• **Working data**:

--------------------

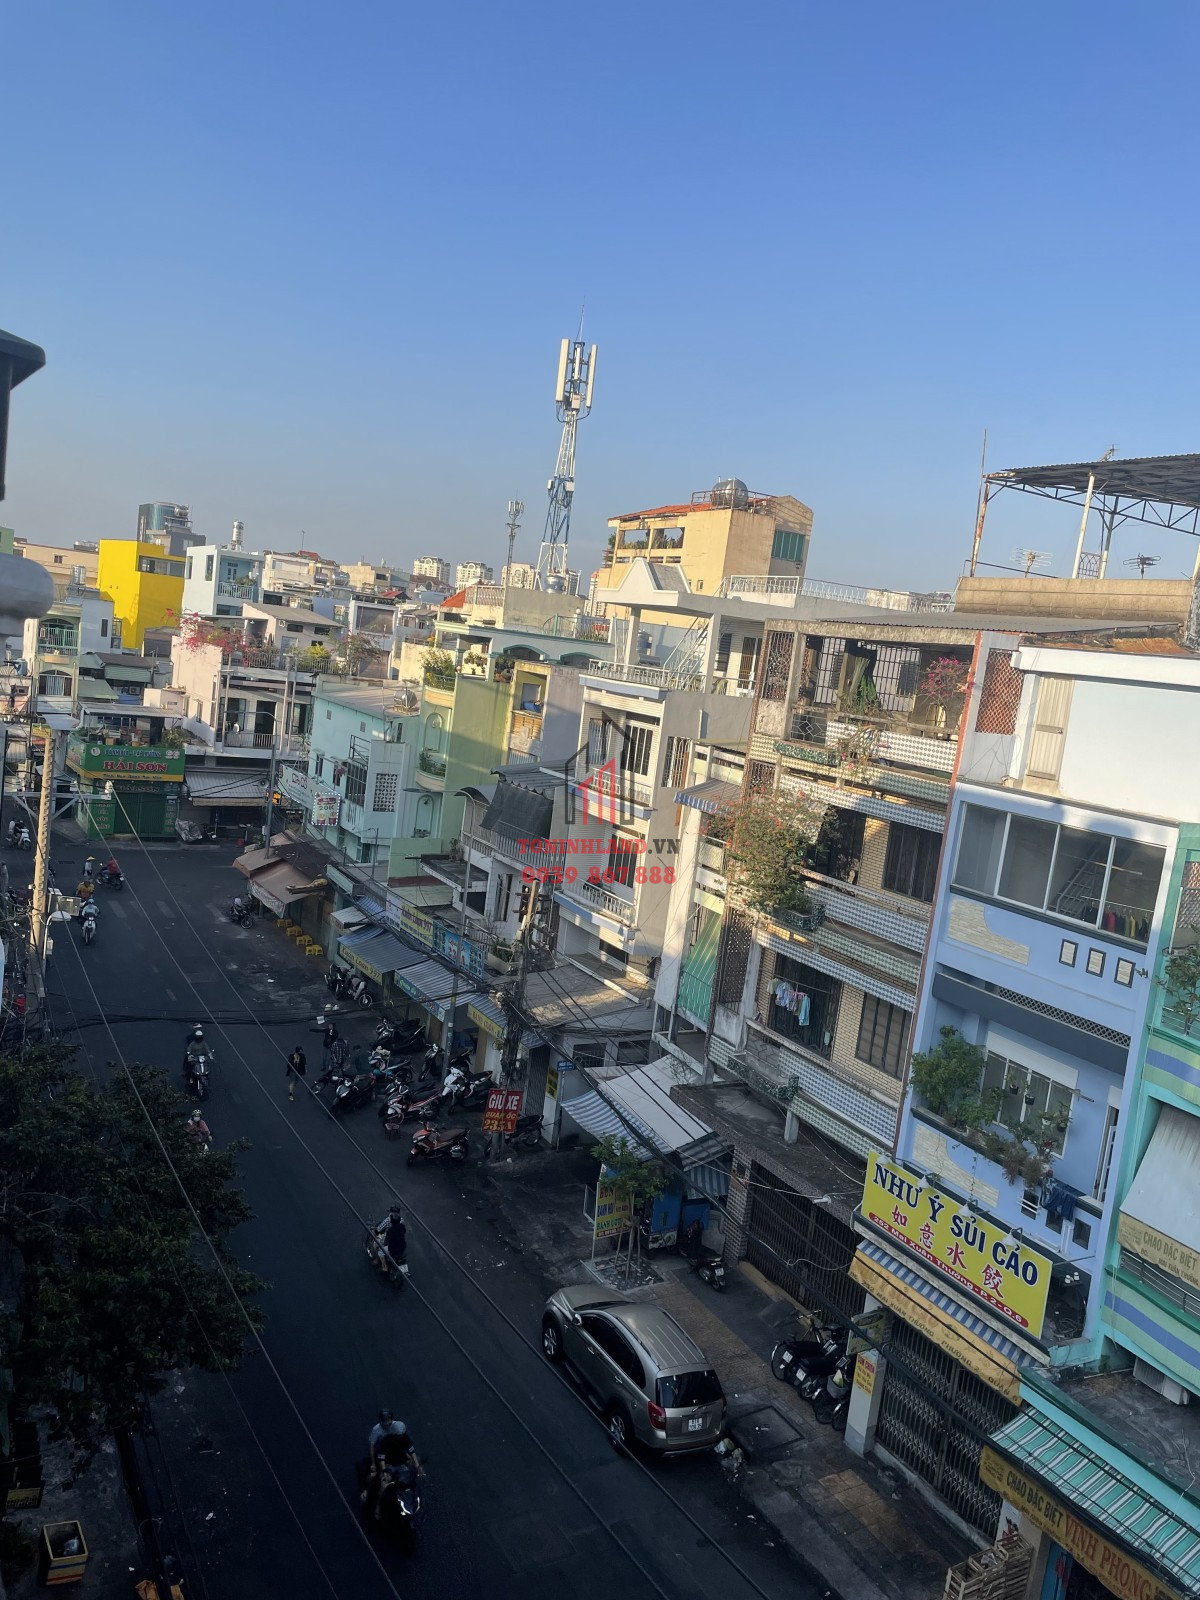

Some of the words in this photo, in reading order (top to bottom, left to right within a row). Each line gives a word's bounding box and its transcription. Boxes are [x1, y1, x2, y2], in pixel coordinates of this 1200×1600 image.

[103, 757, 133, 770] HẢI
[136, 761, 167, 772] SƠN
[505, 1095, 520, 1110] XE
[873, 1163, 923, 1208] NHƯ
[928, 1194, 945, 1223] Ý
[950, 1214, 986, 1253] SỦI
[992, 1241, 1038, 1286] CẢO
[874, 1216, 889, 1230] 252
[891, 1228, 907, 1243] Mai
[909, 1241, 933, 1261] Xuân
[876, 1292, 889, 1303] MAI
[1100, 1545, 1152, 1600] PHONG
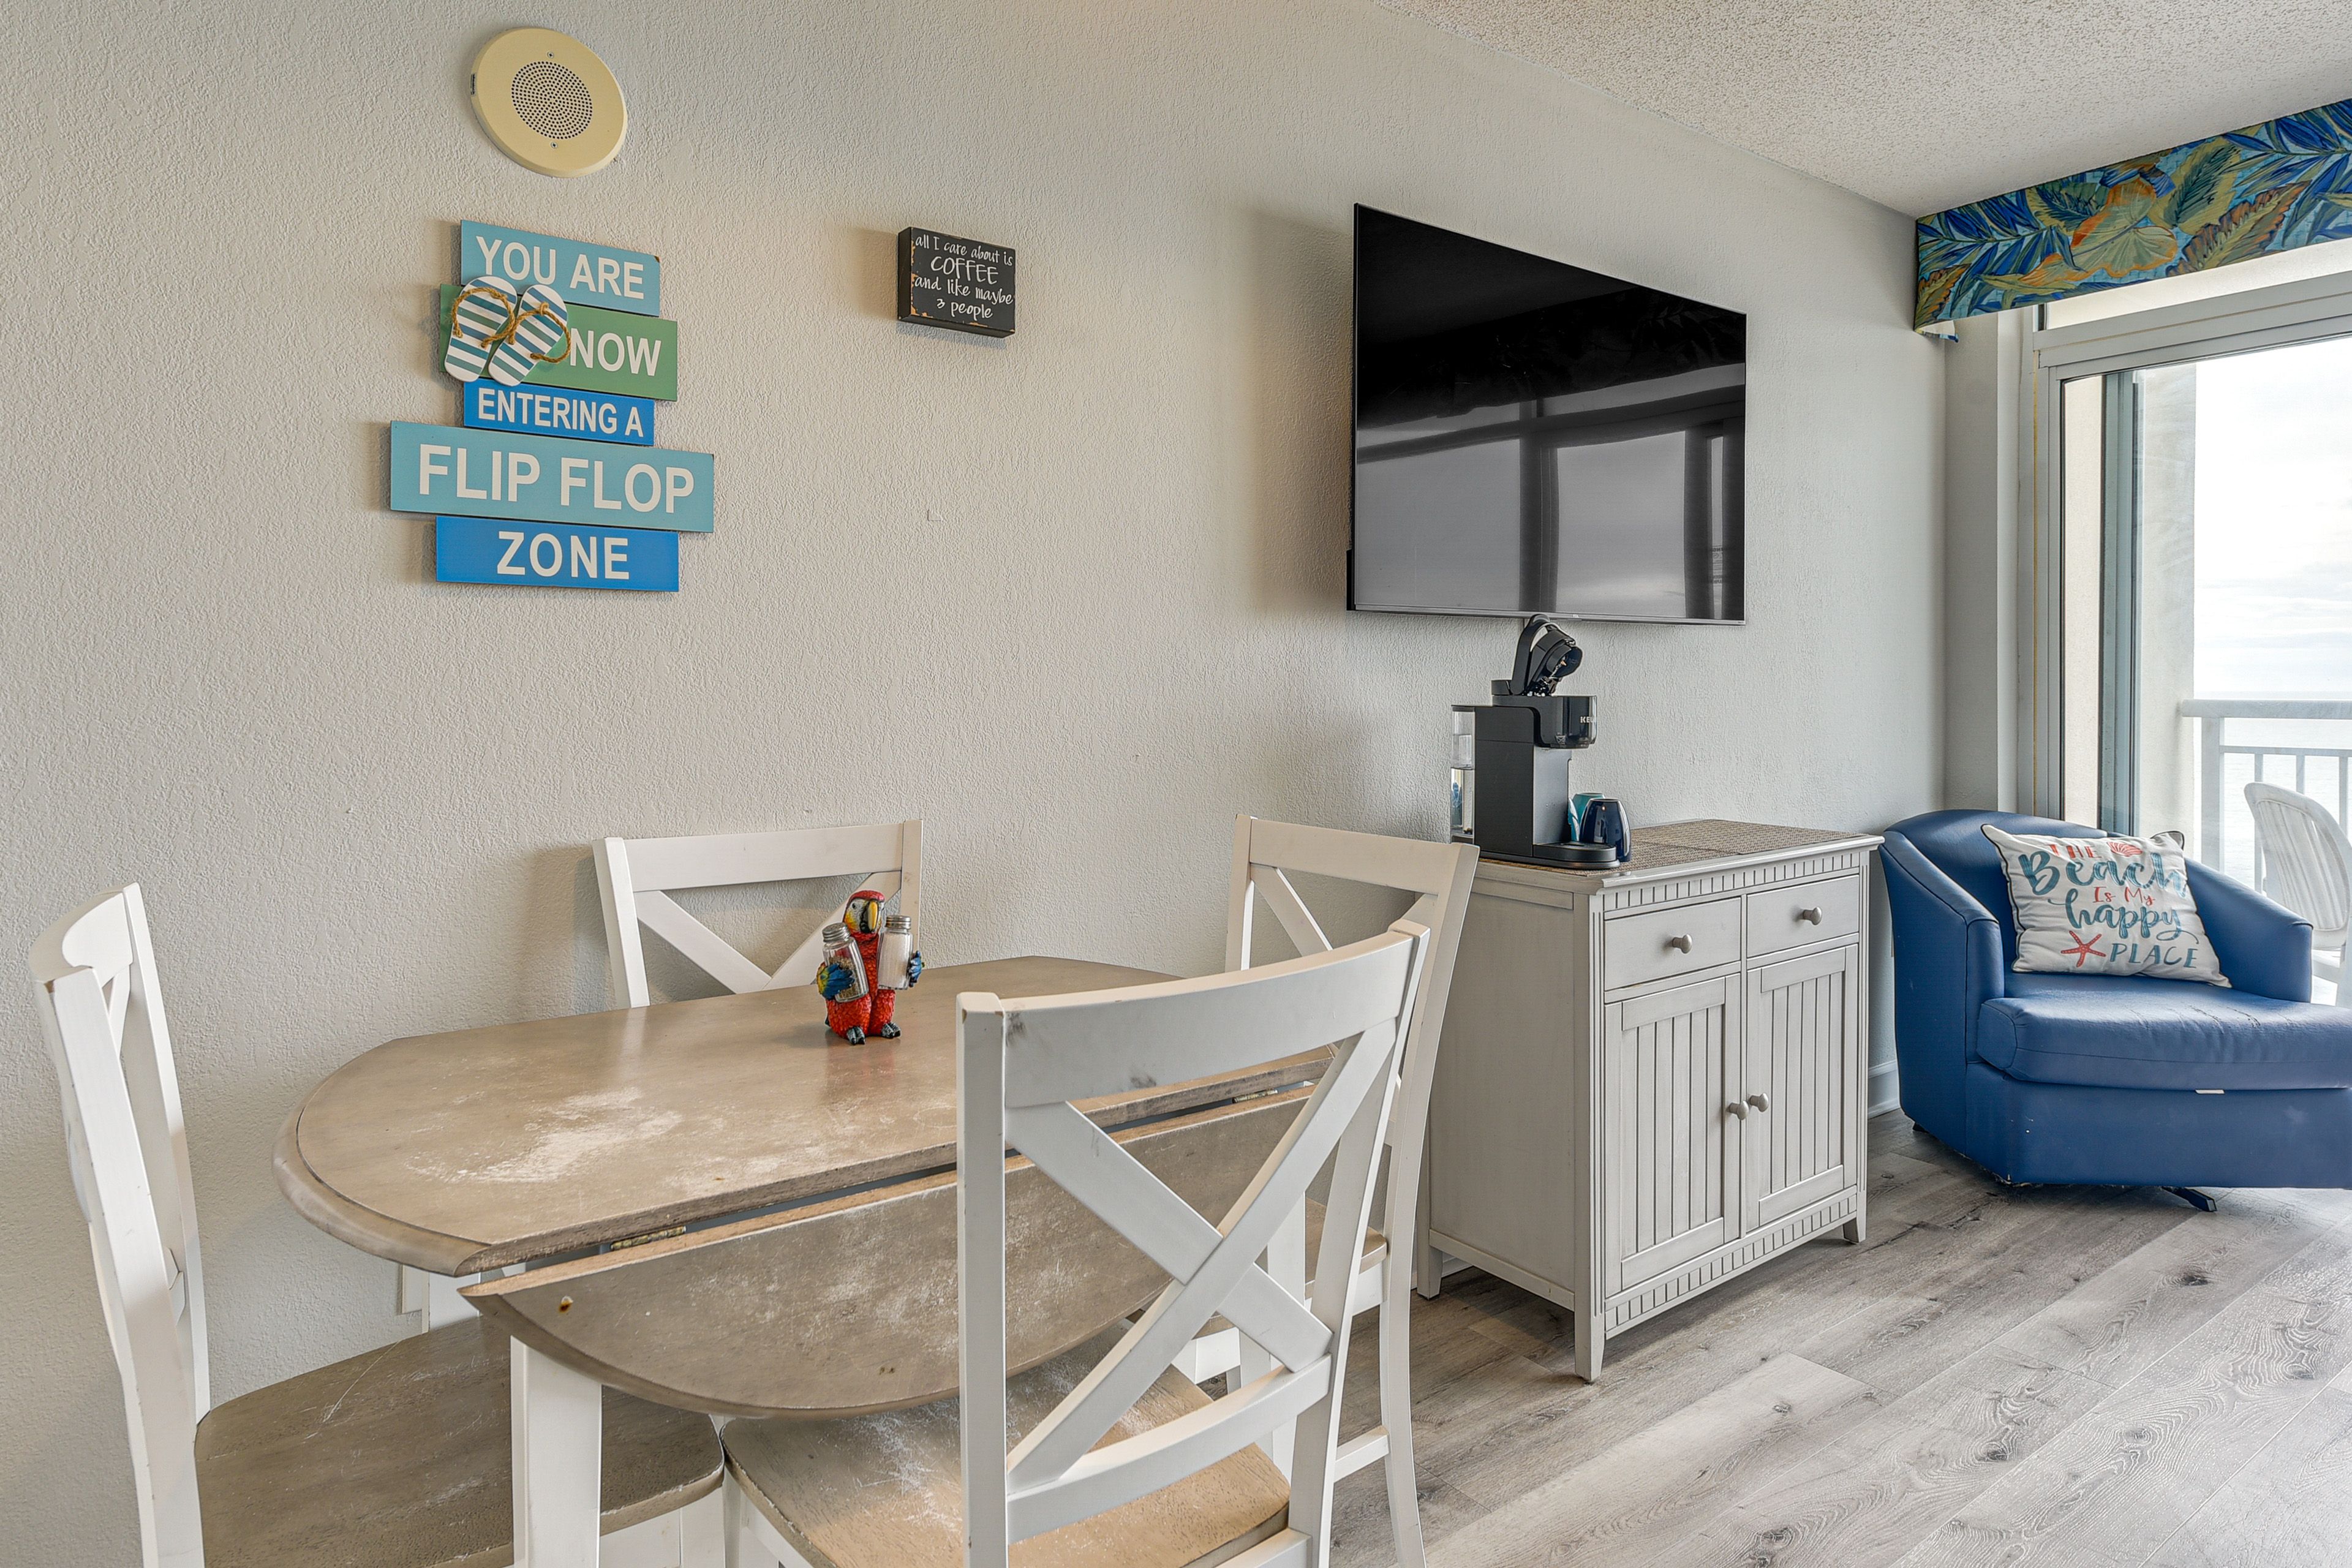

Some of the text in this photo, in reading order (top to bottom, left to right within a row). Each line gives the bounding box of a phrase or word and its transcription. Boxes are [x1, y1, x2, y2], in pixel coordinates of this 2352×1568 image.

[475, 235, 645, 300] YOU ARE
[915, 234, 1013, 266] all I care about is
[930, 256, 998, 284] COFFEE
[914, 276, 1014, 305] and like maybe
[936, 298, 993, 321] 3 people
[569, 328, 662, 377] NOW
[478, 388, 644, 438] ENTERING A
[419, 443, 695, 514] FLIP FLOP
[496, 530, 630, 580] ZONE
[2046, 843, 2103, 859] THE
[2018, 850, 2188, 899] Beach
[2047, 888, 2199, 944] happy
[2092, 886, 2156, 906] Is My
[2109, 943, 2198, 968] PLACE

--------------------

• **Exercise prompt**: Return exactly the line that contains "Some of the text" and every line after it, through the last line of the records.

• **Solution for this task**:
Some of the text in this photo, in reading order (top to bottom, left to right within a row). Each line gives the bounding box of a phrase or word and its transcription. Boxes are [x1, y1, x2, y2], in pixel coordinates of this 2352×1568 image.

[475, 235, 645, 300] YOU ARE
[915, 234, 1013, 266] all I care about is
[930, 256, 998, 284] COFFEE
[914, 276, 1014, 305] and like maybe
[936, 298, 993, 321] 3 people
[569, 328, 662, 377] NOW
[478, 388, 644, 438] ENTERING A
[419, 443, 695, 514] FLIP FLOP
[496, 530, 630, 580] ZONE
[2046, 843, 2103, 859] THE
[2018, 850, 2188, 899] Beach
[2047, 888, 2199, 944] happy
[2092, 886, 2156, 906] Is My
[2109, 943, 2198, 968] PLACE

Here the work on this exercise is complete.